DNA Ternary Full Adder
Pith reviewed 2026-05-15 12:08 UTC · model grok-4.3
The pith
A DNA competitive blocking circuit recognizes all ternary input triples and produces correct outputs for 17-trit addition.
A machine-rendered reading of the paper's core claim, the machinery that carries it, and where it could break.
Core claim
A novel ternary full adder architecture uses a competitive blocking circuit to recognize and compute all three-input ternary combinations, combined with a dynamic concentration adjustment strategy; biochemical experiments confirm that the circuit produces correct output digits and achieves 17-trit ternary addition.
What carries the argument
The competitive blocking (CB) circuit, which distinguishes every three-input ternary combination and blocks unwanted reactions to yield the correct sum and carry.
If this is right
- The CB circuit yields the correct output digits for a ternary full adder.
- The approach achieves 17-trit ternary addition in biochemical experiments.
- The CA strategy increases the number of trits that can be processed.
- The design supplies a methodological foundation for DNA-based ternary logic circuits.
Where Pith is reading between the lines
- If the circuit scales without cumulative error, larger trit lengths become feasible by repeating the CA step.
- The same recognition mechanism could be reused to build other ternary arithmetic blocks such as multipliers.

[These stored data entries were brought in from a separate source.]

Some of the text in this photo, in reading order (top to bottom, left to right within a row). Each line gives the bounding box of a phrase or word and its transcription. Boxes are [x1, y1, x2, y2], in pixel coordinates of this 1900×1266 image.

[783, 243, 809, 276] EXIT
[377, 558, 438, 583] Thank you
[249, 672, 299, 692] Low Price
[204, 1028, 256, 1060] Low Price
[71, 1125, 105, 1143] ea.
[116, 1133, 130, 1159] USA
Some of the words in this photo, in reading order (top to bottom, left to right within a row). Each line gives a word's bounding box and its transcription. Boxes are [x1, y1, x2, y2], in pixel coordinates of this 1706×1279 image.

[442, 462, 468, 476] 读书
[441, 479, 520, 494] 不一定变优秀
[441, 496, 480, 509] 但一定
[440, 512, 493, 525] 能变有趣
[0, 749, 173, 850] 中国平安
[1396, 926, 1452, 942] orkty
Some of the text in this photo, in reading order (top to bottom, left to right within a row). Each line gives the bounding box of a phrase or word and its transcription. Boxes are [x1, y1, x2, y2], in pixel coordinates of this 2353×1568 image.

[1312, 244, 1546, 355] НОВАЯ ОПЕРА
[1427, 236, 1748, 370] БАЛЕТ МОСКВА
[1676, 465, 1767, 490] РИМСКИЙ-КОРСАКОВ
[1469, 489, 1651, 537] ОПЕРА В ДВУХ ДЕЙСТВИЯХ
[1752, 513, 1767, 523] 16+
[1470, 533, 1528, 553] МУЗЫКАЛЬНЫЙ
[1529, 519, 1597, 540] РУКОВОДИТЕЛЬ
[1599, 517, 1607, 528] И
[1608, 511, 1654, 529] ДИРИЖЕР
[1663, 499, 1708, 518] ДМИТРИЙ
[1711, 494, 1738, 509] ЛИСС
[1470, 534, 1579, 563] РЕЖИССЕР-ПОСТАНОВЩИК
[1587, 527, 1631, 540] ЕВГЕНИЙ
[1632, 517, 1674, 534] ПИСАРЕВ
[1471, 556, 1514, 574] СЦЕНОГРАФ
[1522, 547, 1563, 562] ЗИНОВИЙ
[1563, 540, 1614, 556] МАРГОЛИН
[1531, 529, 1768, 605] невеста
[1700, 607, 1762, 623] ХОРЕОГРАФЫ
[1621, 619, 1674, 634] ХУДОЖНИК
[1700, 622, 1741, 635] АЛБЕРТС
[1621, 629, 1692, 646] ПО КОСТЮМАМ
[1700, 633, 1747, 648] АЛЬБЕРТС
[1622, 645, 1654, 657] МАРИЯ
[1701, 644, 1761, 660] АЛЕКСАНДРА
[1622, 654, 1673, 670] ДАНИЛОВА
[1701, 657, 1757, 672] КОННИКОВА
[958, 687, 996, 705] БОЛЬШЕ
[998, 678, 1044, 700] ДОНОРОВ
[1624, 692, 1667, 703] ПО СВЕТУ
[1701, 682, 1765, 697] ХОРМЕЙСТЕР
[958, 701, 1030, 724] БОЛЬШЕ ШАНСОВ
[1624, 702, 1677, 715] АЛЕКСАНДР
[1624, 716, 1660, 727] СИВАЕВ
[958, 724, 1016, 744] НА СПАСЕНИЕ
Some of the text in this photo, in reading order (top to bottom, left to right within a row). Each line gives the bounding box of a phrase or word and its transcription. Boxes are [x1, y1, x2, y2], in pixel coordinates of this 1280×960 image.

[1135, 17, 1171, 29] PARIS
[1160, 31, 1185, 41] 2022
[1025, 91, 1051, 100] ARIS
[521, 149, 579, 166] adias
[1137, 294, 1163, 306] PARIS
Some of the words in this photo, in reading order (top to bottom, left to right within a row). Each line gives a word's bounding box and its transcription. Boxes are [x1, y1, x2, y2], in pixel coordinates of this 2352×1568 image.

- Integration with existing DNA strand-displacement gates might allow mixed binary-ternary molecular processors.
Load-bearing premise
The competitive blocking circuit can accurately recognize and compute every three-input ternary combination without interference or errors across the full input range in a biochemical setting.
What would settle it
A single biochemical run in which the circuit produces an incorrect sum or carry digit for any tested ternary input triple, such as inputs 0-1-2.
Figures
read the original abstract
As transistor dimensions continue to shrink, binary devices are rapidly approaching their fundamental limits in power density. In response, multi-valued systems have attracted significant attention due to their enhanced information density. Among these, the ternary system stands out as the most practical option, being the closest integer base to (e), which is considered optimal for information efficiency. Despite the intrinsic advantages of DNA nanomaterials, such as programmability, energy efficiency, and massive parallelism, their application in ternary logic remains largely unexplored, particularly in the realm of ternary addition circuits. This gap can be attributed to a fundamental challenge: ternary logic requires circuits capable of recognizing and processing a far larger set of input combinations than binary systems, a task that existing models and techniques often struggle to accomplish. In this work, we propose a novel architecture for a ternary full adder. Our design includes a competitive blocking (CB) circuit that enables the recognition and computation of all possible three-input ternary combinations. Coupled with a dynamic concentration adjustment (CA) strategy, this approach significantly enhances the number of trits that can be processed. Biochemical experiments demonstrate that the CB circuit successfully yields the correct output digits for a ternary full adder, achieving 17-trit ternary addition. To our knowledge, this work represents the first successful DNA-based ternary adder, establishing a new methodological foundation for DNA computing and highlighting its considerable potential for scalable digital information processing.
Editorial analysis
A structured set of objections, weighed in public.
Referee Report
Summary. The manuscript proposes a competitive blocking (CB) circuit to recognize and compute all 27 three-input ternary combinations, paired with a dynamic concentration adjustment (CA) strategy, to realize a DNA-based ternary full adder. Biochemical experiments are reported to confirm that the circuit produces correct output digits, enabling 17-trit ternary addition and constituting the first such DNA ternary adder.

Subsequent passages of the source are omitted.